• _HOW TO COMPLETE THIS TASK_: Please output every record below exactly as written, leaving out any pictures.

=== AVAILABLE DATA ===

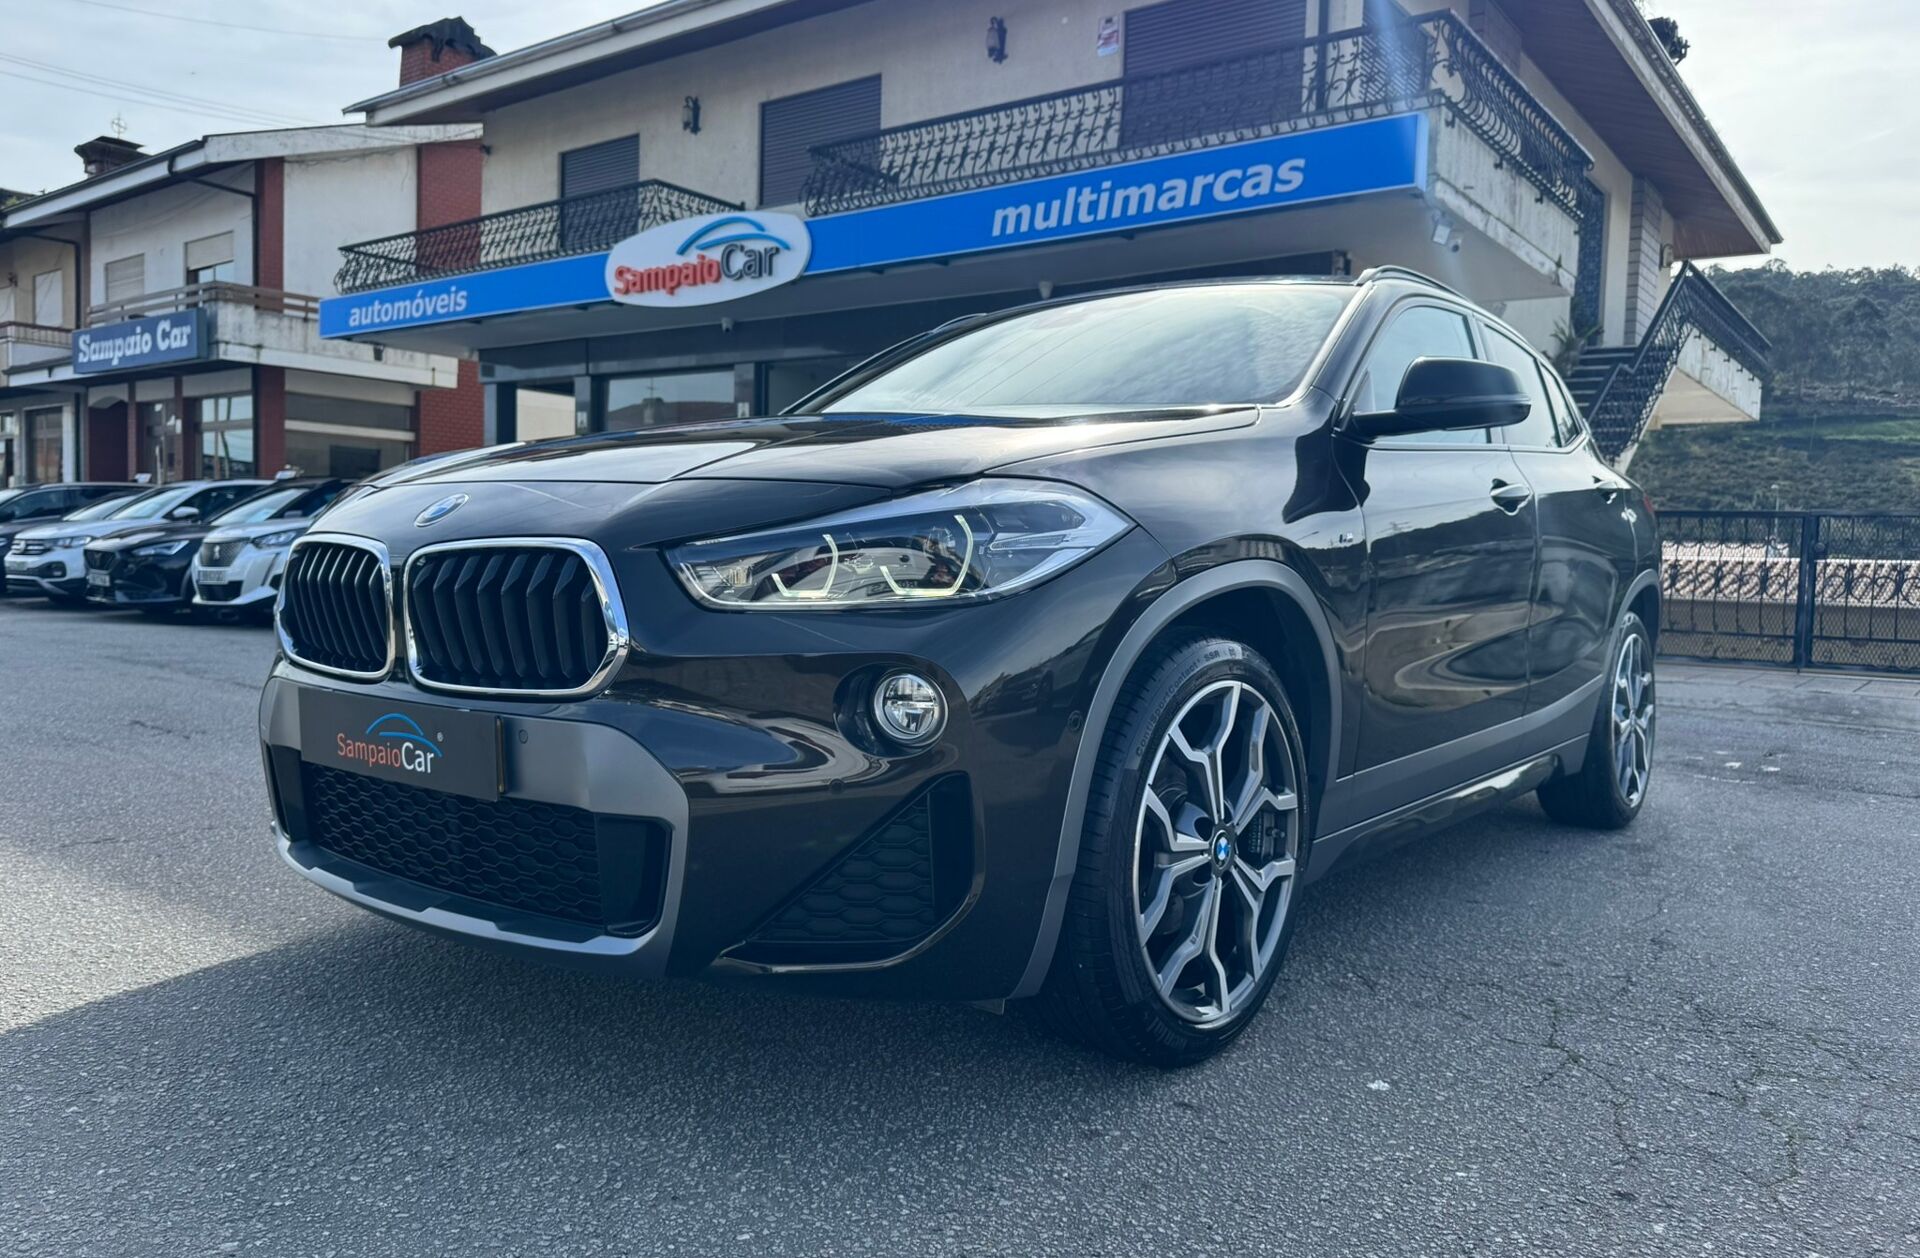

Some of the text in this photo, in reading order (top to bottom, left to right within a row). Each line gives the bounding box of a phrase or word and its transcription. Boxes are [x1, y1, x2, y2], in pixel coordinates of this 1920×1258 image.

[992, 157, 1306, 236] multimarcas
[614, 243, 780, 296] SampaioCar
[348, 285, 467, 327] automóveis
[78, 319, 192, 366] Sampaio Car
[336, 733, 434, 774] SampaioCar

===

• _TASK SOLUTION_:
Some of the text in this photo, in reading order (top to bottom, left to right within a row). Each line gives the bounding box of a phrase or word and its transcription. Boxes are [x1, y1, x2, y2], in pixel coordinates of this 1920×1258 image.

[992, 157, 1306, 236] multimarcas
[614, 243, 780, 296] SampaioCar
[348, 285, 467, 327] automóveis
[78, 319, 192, 366] Sampaio Car
[336, 733, 434, 774] SampaioCar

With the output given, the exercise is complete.